# Images for object localization
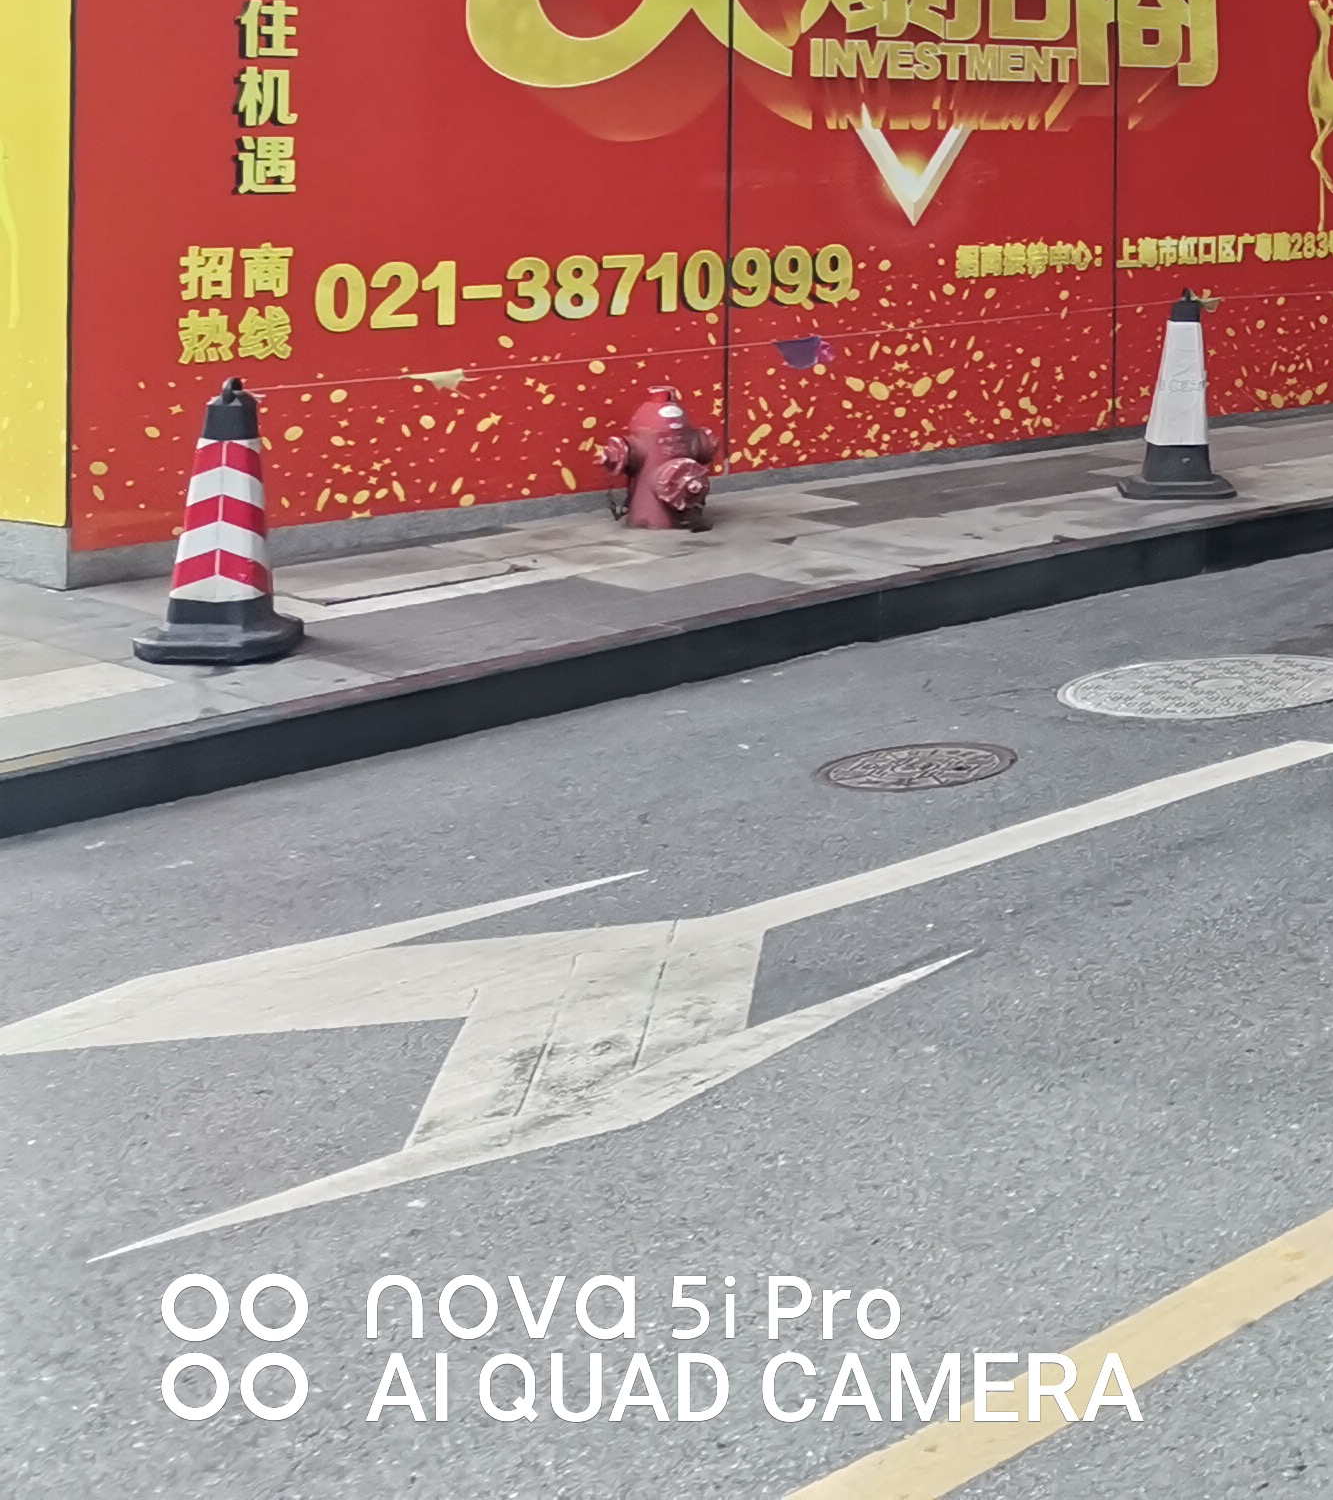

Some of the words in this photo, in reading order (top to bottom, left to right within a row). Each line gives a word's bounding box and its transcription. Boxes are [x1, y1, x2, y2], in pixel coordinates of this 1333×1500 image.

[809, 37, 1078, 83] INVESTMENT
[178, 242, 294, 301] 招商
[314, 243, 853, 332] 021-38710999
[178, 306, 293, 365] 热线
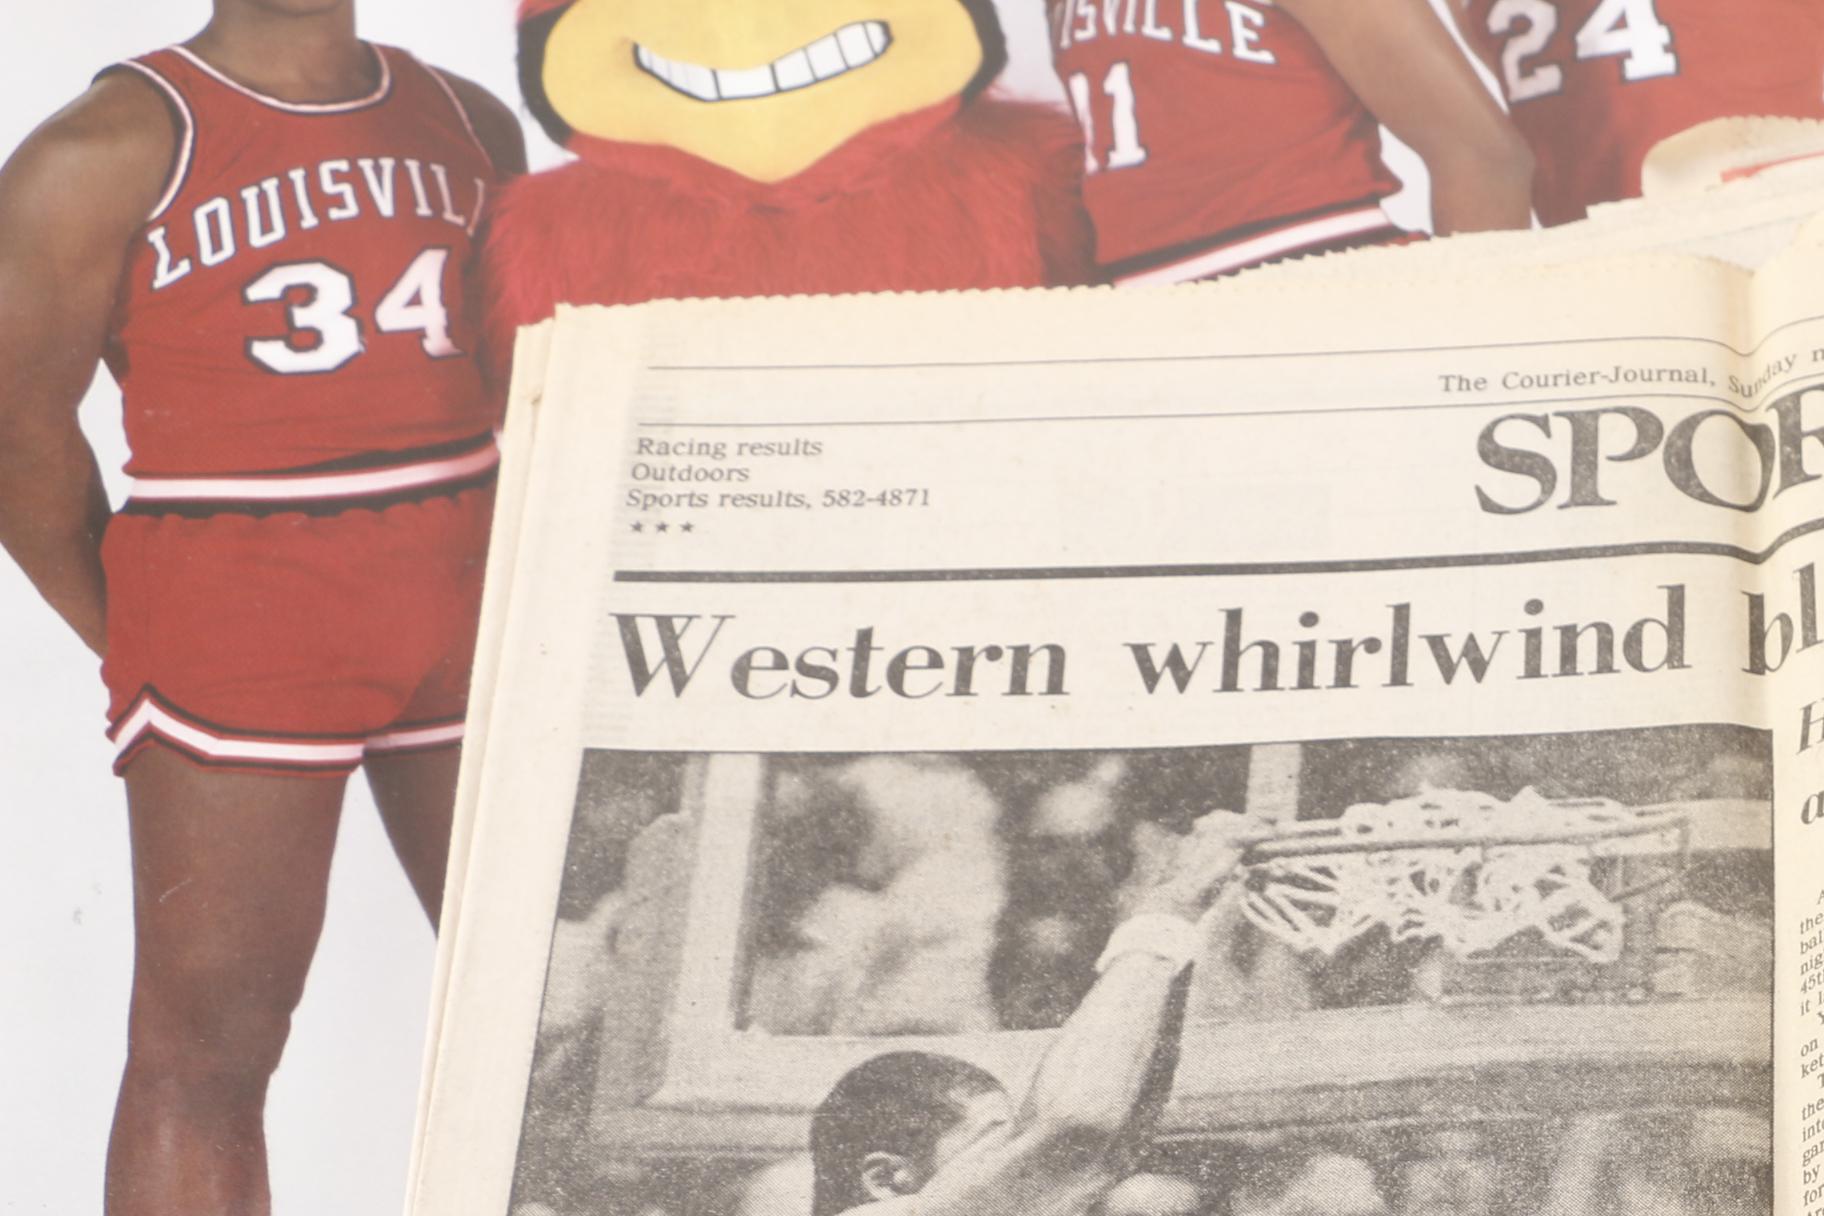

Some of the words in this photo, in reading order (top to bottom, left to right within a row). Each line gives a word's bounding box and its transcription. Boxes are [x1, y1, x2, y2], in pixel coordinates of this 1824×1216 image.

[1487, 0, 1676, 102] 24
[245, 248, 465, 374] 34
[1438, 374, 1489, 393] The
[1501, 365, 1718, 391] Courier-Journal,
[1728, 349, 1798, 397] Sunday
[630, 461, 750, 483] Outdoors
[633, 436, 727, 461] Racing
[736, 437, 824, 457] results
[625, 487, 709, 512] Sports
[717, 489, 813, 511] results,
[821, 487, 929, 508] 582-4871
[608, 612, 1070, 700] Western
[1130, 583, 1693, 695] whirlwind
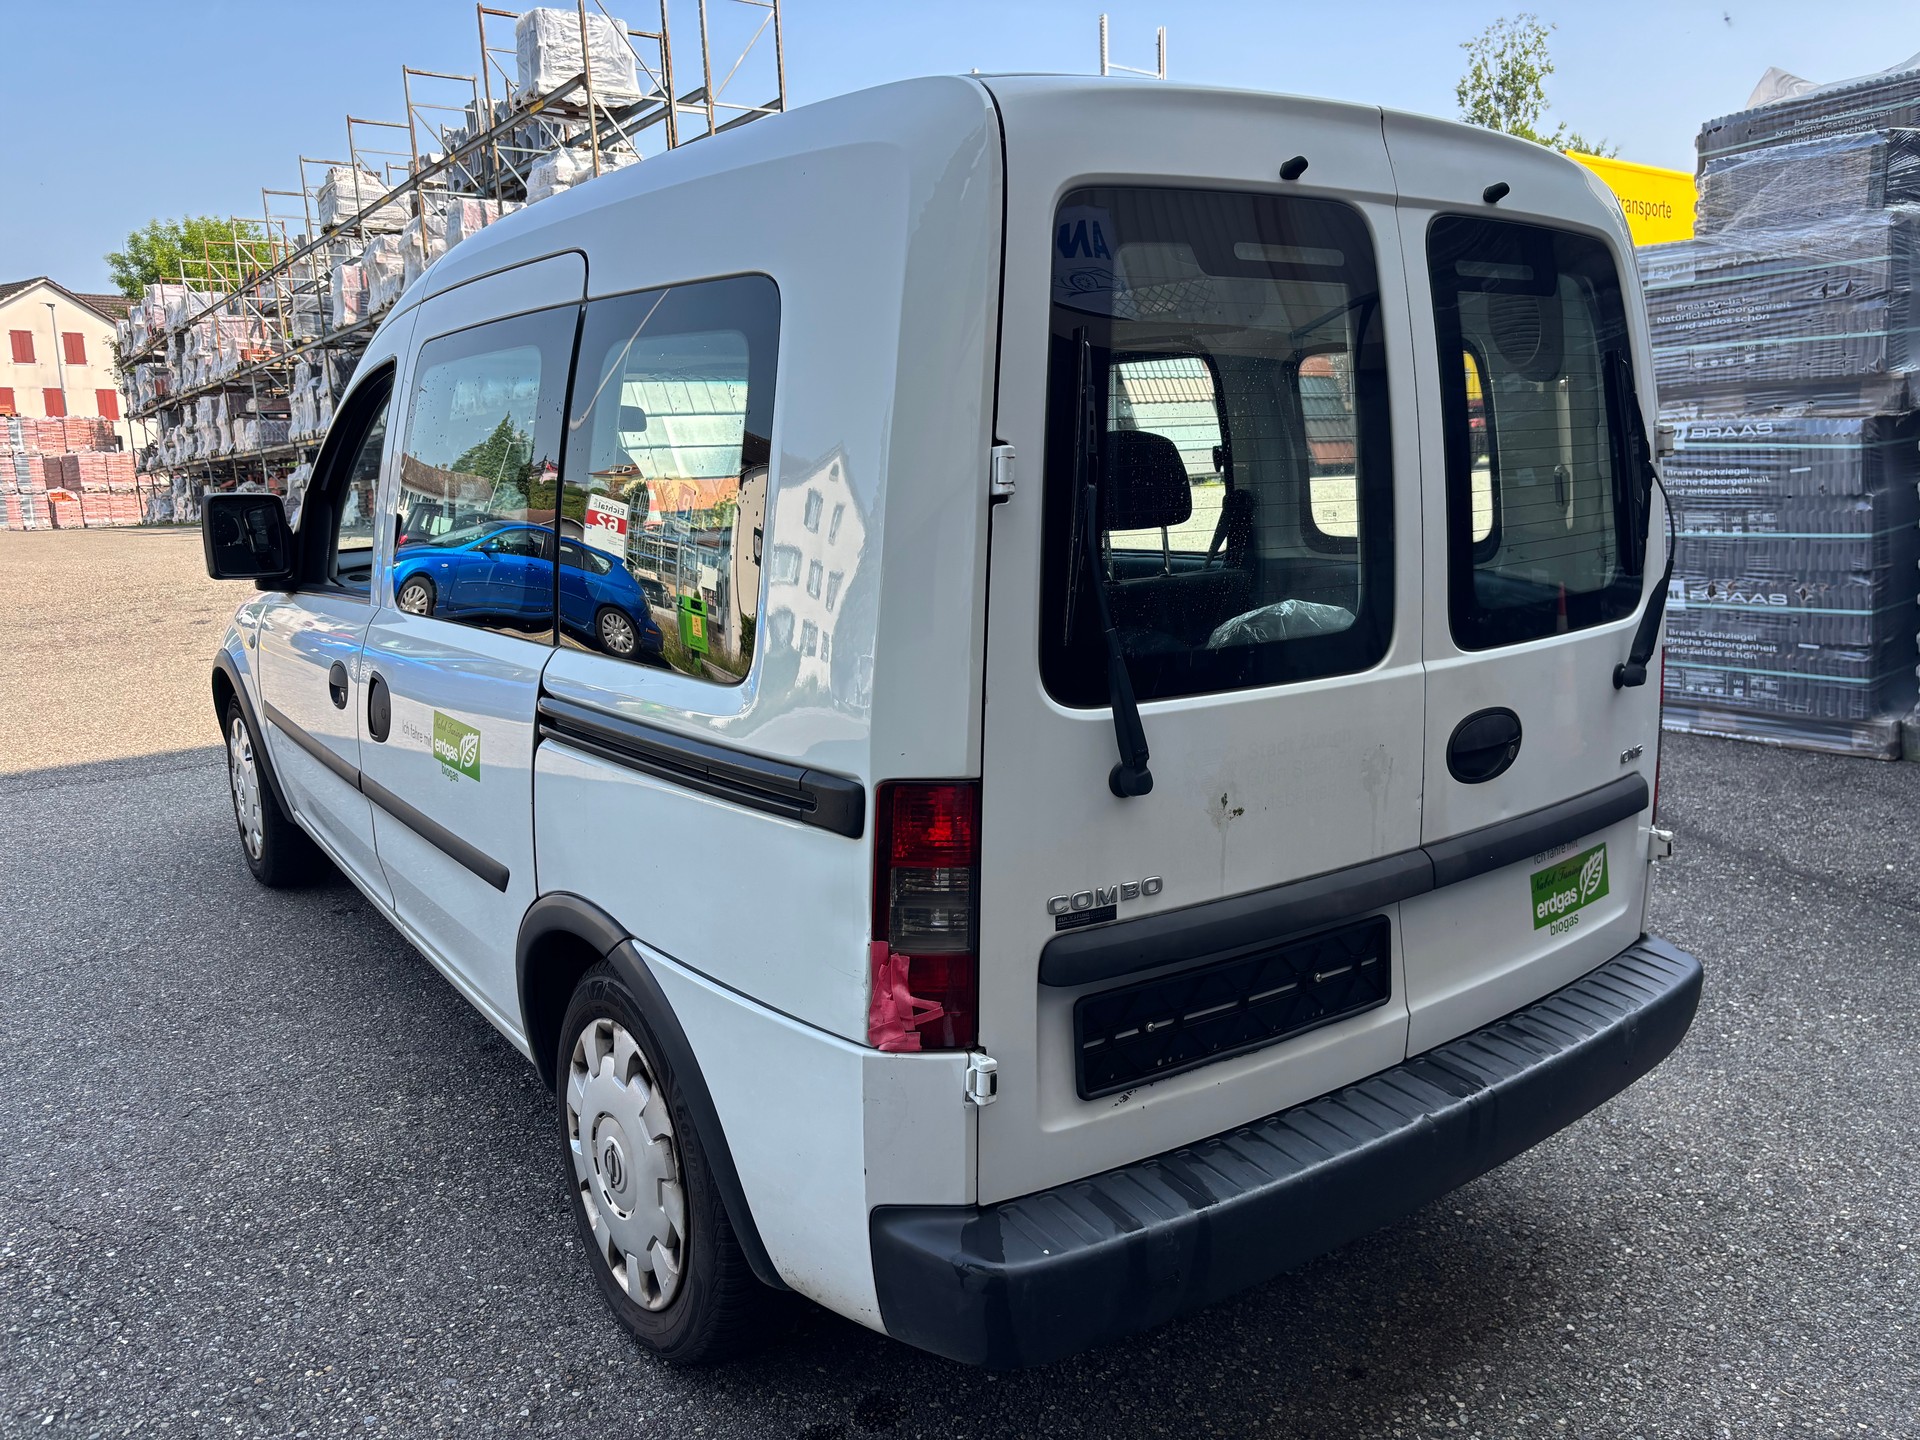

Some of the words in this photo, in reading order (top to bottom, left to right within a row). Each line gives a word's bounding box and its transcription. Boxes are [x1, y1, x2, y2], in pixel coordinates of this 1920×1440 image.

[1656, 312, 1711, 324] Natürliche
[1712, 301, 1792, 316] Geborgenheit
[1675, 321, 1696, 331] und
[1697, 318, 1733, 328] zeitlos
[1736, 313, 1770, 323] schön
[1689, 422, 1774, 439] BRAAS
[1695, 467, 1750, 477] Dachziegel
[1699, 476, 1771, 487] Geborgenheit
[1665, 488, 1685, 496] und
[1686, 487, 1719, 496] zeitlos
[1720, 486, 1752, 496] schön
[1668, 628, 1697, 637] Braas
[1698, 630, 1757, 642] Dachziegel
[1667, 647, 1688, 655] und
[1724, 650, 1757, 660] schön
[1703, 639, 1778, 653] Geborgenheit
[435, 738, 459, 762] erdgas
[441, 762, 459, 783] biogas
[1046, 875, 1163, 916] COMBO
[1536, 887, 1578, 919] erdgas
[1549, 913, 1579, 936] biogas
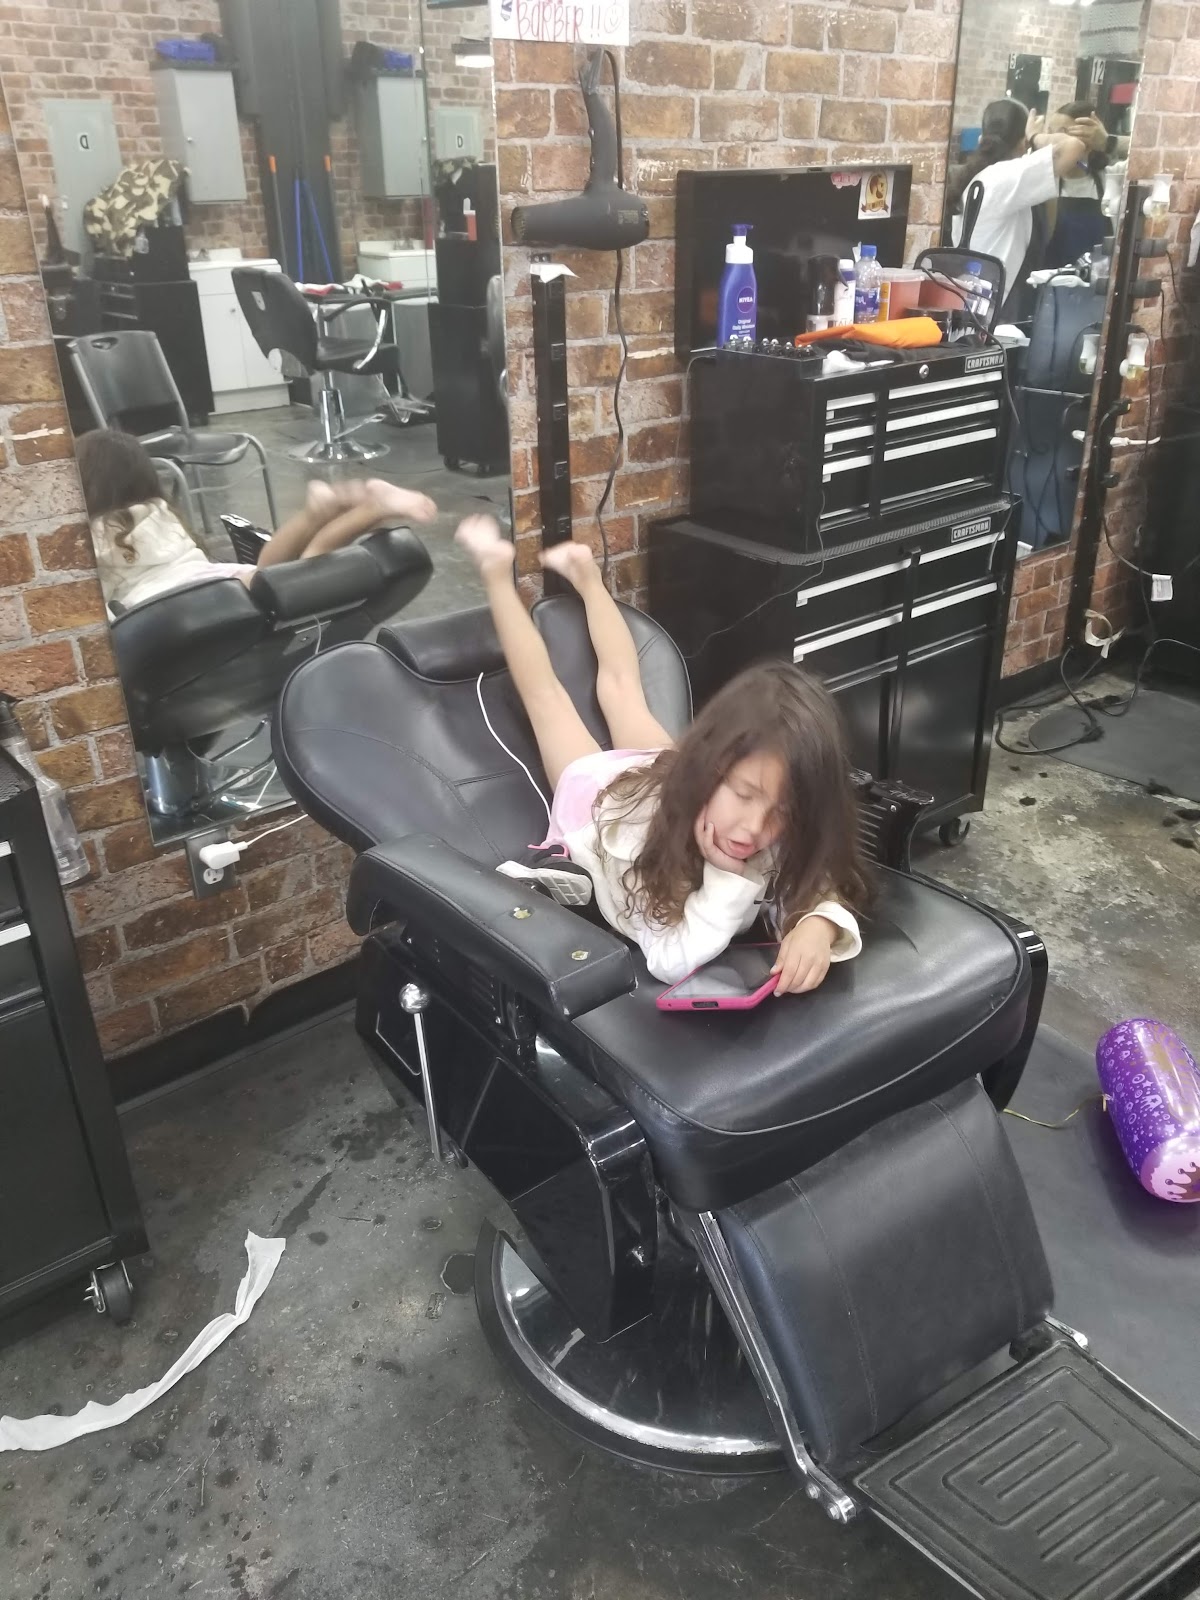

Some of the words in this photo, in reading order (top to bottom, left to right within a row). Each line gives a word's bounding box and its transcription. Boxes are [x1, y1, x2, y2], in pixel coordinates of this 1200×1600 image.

# EXERCISE GOAL
Repeat the records above word for word, keeping no pictures in the copy.

# RESULT
Some of the words in this photo, in reading order (top to bottom, left to right within a row). Each line gives a word's bounding box and its transcription. Boxes are [x1, y1, x2, y2], in pixel coordinates of this 1333×1500 image.

[809, 37, 1078, 83] INVESTMENT
[178, 242, 294, 301] 招商
[314, 243, 853, 332] 021-38710999
[178, 306, 293, 365] 热线

Some of the words in this photo, in reading order (top to bottom, left to right within a row). Each line gives a word's bounding box and its transcription. Boxes are [x1, y1, x2, y2], in pixel coordinates of this 1824×1216 image.

[1487, 0, 1676, 102] 24
[245, 248, 465, 374] 34
[1438, 374, 1489, 393] The
[1501, 365, 1718, 391] Courier-Journal,
[1728, 349, 1798, 397] Sunday
[630, 461, 750, 483] Outdoors
[633, 436, 727, 461] Racing
[736, 437, 824, 457] results
[625, 487, 709, 512] Sports
[717, 489, 813, 511] results,
[821, 487, 929, 508] 582-4871
[608, 612, 1070, 700] Western
[1130, 583, 1693, 695] whirlwind

Some of the words in this photo, in reading order (top to bottom, left to right within a row). Each line gives a word's bounding box and its transcription. Boxes are [x1, y1, x2, y2], in pixel coordinates of this 1920×1440 image.

[1656, 312, 1711, 324] Natürliche
[1712, 301, 1792, 316] Geborgenheit
[1675, 321, 1696, 331] und
[1697, 318, 1733, 328] zeitlos
[1736, 313, 1770, 323] schön
[1689, 422, 1774, 439] BRAAS
[1695, 467, 1750, 477] Dachziegel
[1699, 476, 1771, 487] Geborgenheit
[1665, 488, 1685, 496] und
[1686, 487, 1719, 496] zeitlos
[1720, 486, 1752, 496] schön
[1668, 628, 1697, 637] Braas
[1698, 630, 1757, 642] Dachziegel
[1667, 647, 1688, 655] und
[1724, 650, 1757, 660] schön
[1703, 639, 1778, 653] Geborgenheit
[435, 738, 459, 762] erdgas
[441, 762, 459, 783] biogas
[1046, 875, 1163, 916] COMBO
[1536, 887, 1578, 919] erdgas
[1549, 913, 1579, 936] biogas

Some of the words in this photo, in reading order (top to bottom, left to right within a row). Each line gives a word's bounding box and its transcription. Boxes are [x1, y1, x2, y2], in pixel coordinates of this 1200×1600 image.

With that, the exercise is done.